These were reportedly John F. Kennedy's words when discussing the 1961 Bay of Pigs debacle with his advisor and speechwriter, Ted Sorensen. The Camelot administration had backed a misconceived CIA plan to sponsor an invasion of communist Cuba by dissidents resident in the USA, despite reservations expressed by a number of its members who suppressed their concerns in deference to the group's perceived wishes. How then had this forcefully-led, intellectually bright and well-informed team stumbled into an unmitigated disaster?
The answer, thought psychologist Irving Janis, lay in the concept of "groupthink", which he defined as a "...way to refer to the mode of thinking that persons engage in when concurrence-seeking becomes so dominant in a cohesive ingroup that it tends to override realistic appraisal of alternative courses of action." Whether groupthink genuinely exists and what causes it remains a topic of debate amongst psychologists to this day.
However, commentators have nonetheless divined the phenomenon in business disasters such as Swissair, the plummeting fortunes of Marks and Spencer and (in the legal world) the collapse of Halliwells, pointing to factors such as group homogeneity (the fact that members of the decision-making group may have similar backgrounds, norms, and values); the insulation of the group from others in the organisation; a tendency to overvalue the cohesiveness of the group; and having to make decisions in a stressful environment, as predictors of poor decision-making.
These thoughts were brought to mind in reading @RichardMoorhead's excellent article on how (according to US prosecutors at least) Standard Chartered Bank's in-house lawyers contributed to their involvement in sanction-busting transactions with Iran by their willingness to endorse, indeed suggest, means of avoiding regulatory scrutiny. Elements of the decision-making here have a strong whiff of groupthink about them, particularly the rationalisation of a strategy that its "in-group" proponents (the bank's legal and compliance staff, for heaven's sake) knew was a figleaf for illegality (as external counsel had told them so).
The issue for me is not only of a company's culture - whether all members of the organisation sign up individually to an appropriate set of values, such as integrity, responsibility etc - but also involves governance structures that discourage groupthink and value dissent.

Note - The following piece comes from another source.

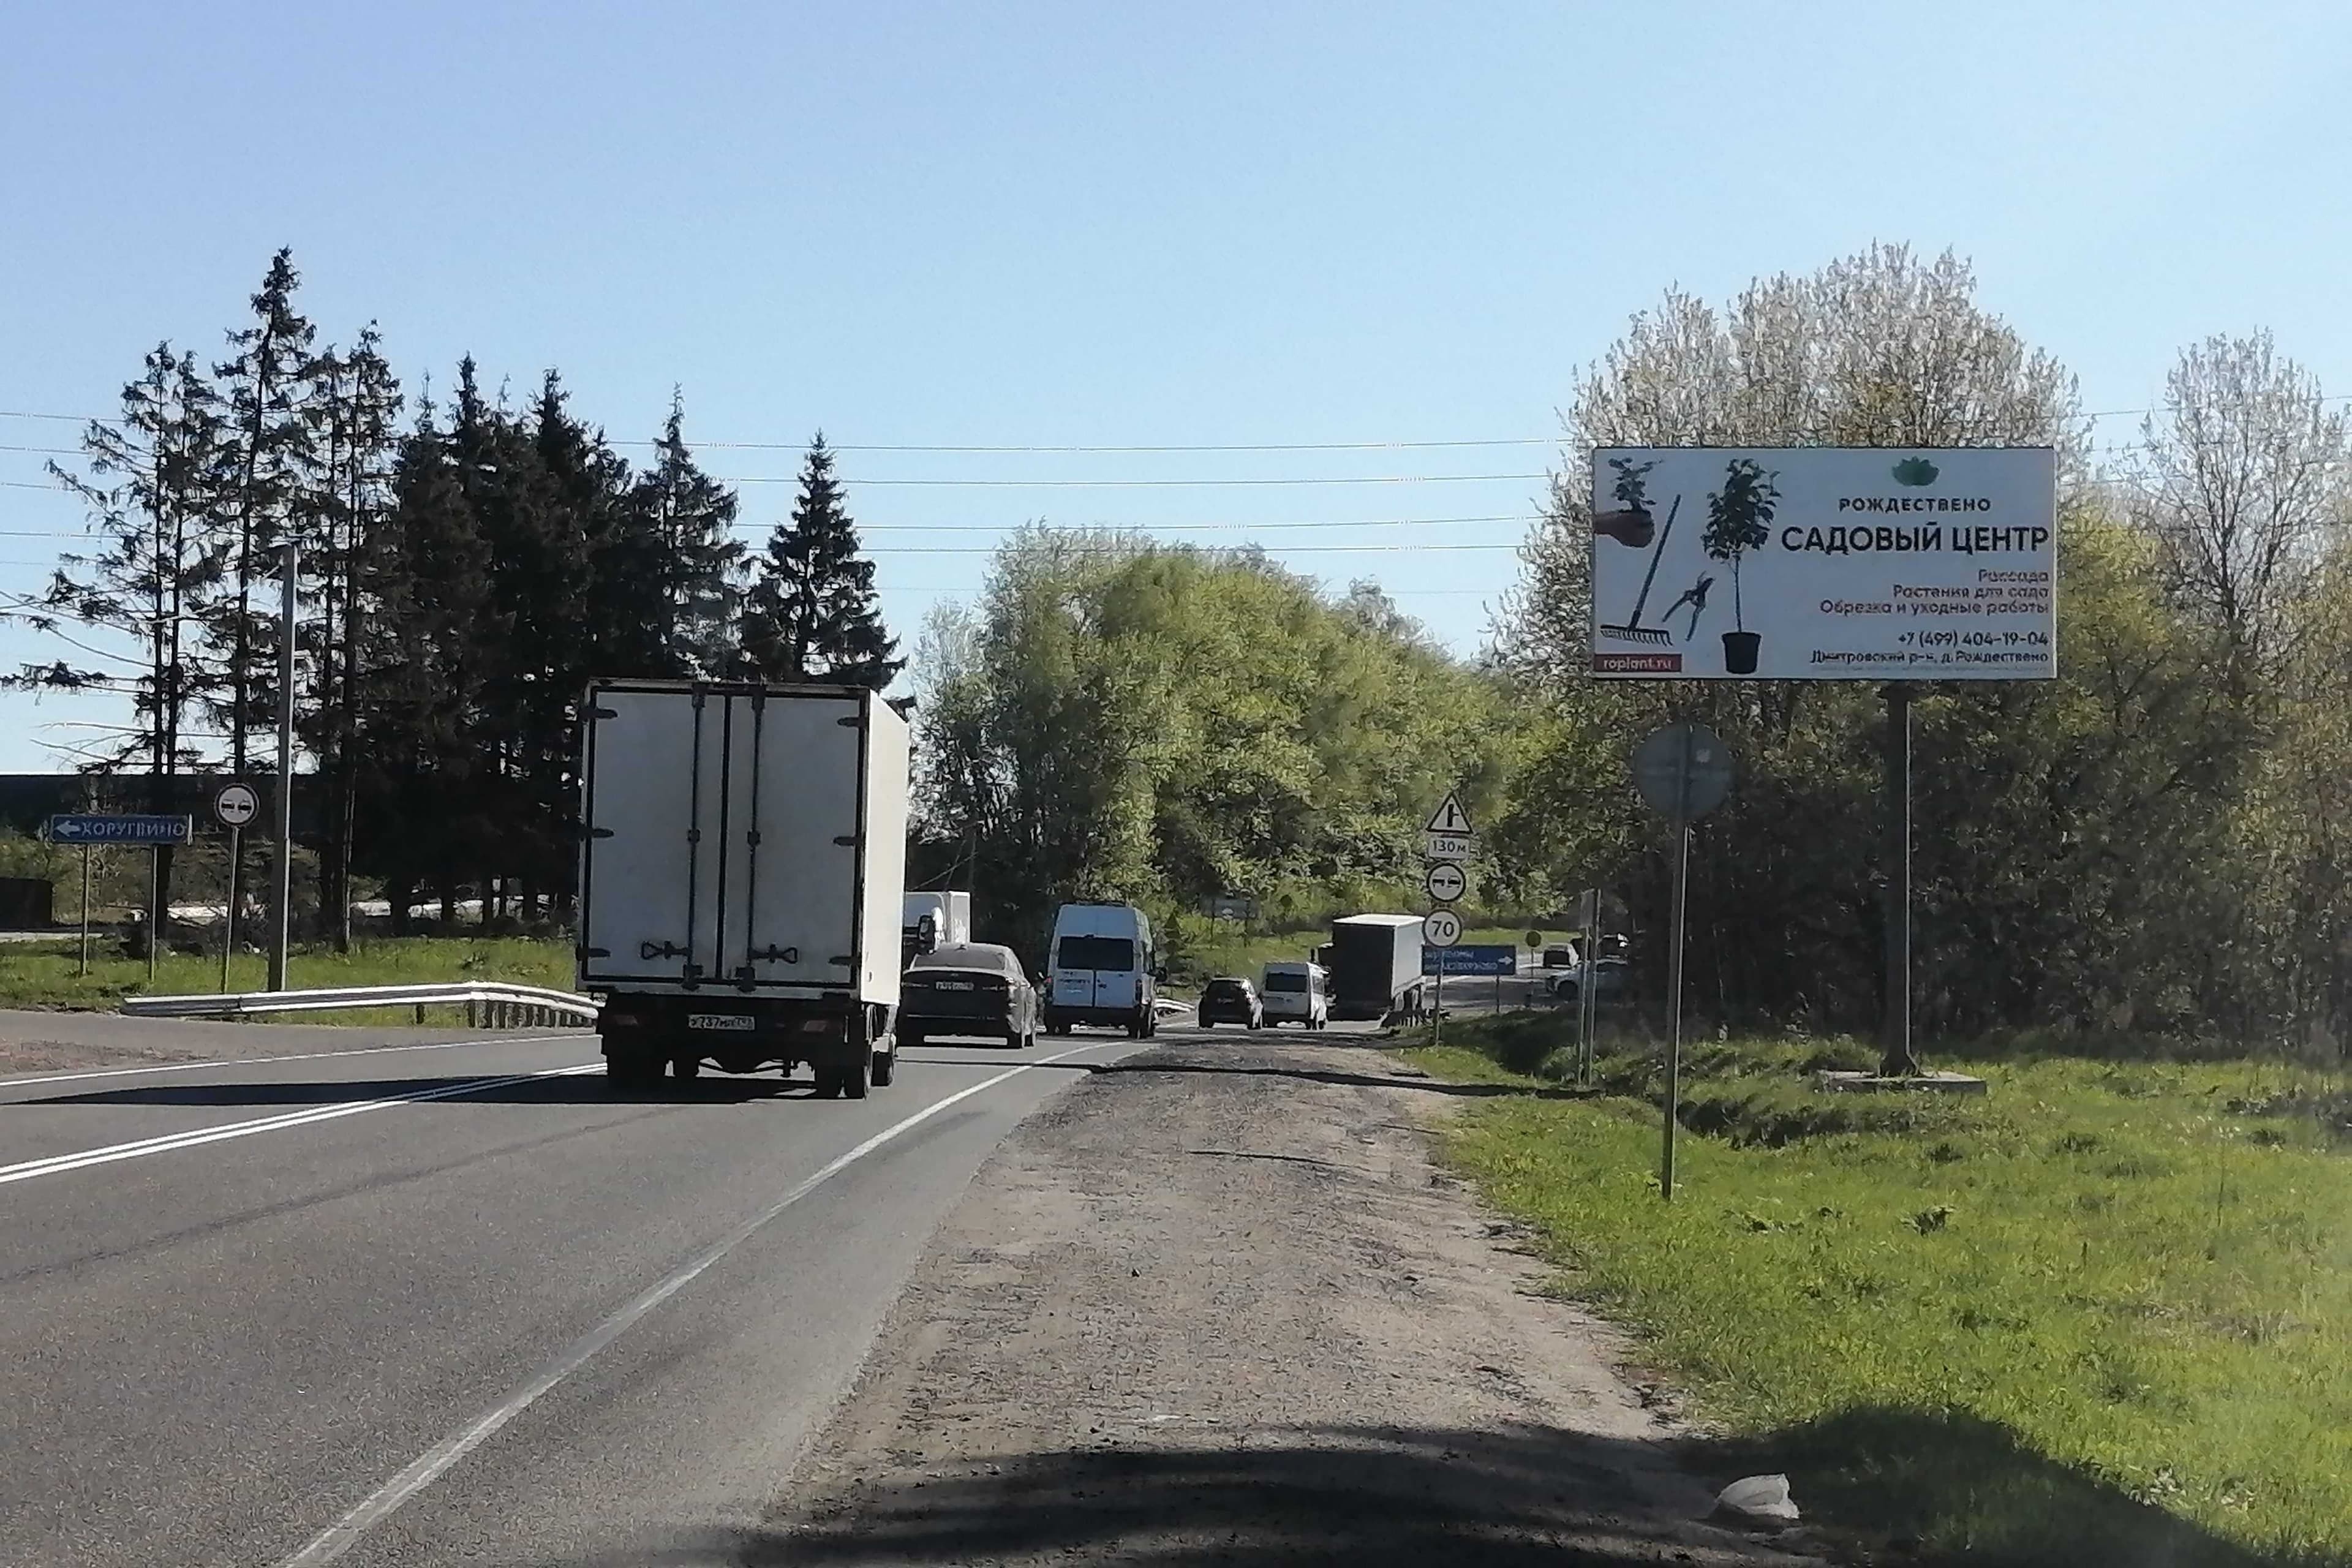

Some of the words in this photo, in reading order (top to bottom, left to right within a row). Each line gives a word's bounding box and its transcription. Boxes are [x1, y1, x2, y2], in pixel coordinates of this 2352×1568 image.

One would hope this is where in-house counsel comes into the picture, as the conscience of the organisation. Those lawyers always have the excuse, were one needed, of pointing to their regulator-enforced duty of independence. However, where lawyers forget this ethical and regulatory obligation to shout, "Stop!", or perhaps place greater importance on facilitating "group" values (such as getting the deal done, or not falling out with colleagues) then the sort of inexplicably bad plan exposed in the SCB scandal seems sure to result.
As predicted here and elsewhere, regulatory scrutiny of in-house legal teams seems set to increase in line with the growing numbers of solicitors and barristers who practise in that environment. I suspect that "ethical audits" focusing on (amongst other things) arrangements for guaranteeing independence, internal governance and reporting lines to allow objections to be raised may well become a standard feature for in-house legal teams, to demonstrate their Principle 8 compliance.
The responsibility and integrity of those have to be right at every level of the organisation. Without that the divisions of labour inherent in corporate life operate, deliberately or accidentally, as a form of organised irresponsibility. Lawyer’s role in these processes can sometimes be acute and they sometimes contribute to organisational irresponsibility. The way General Motors dealt with claims related to their faulty ignitions may be a case in point. Standard Chartered Bank is an example where the role of the lawyers deserves some scrutiny.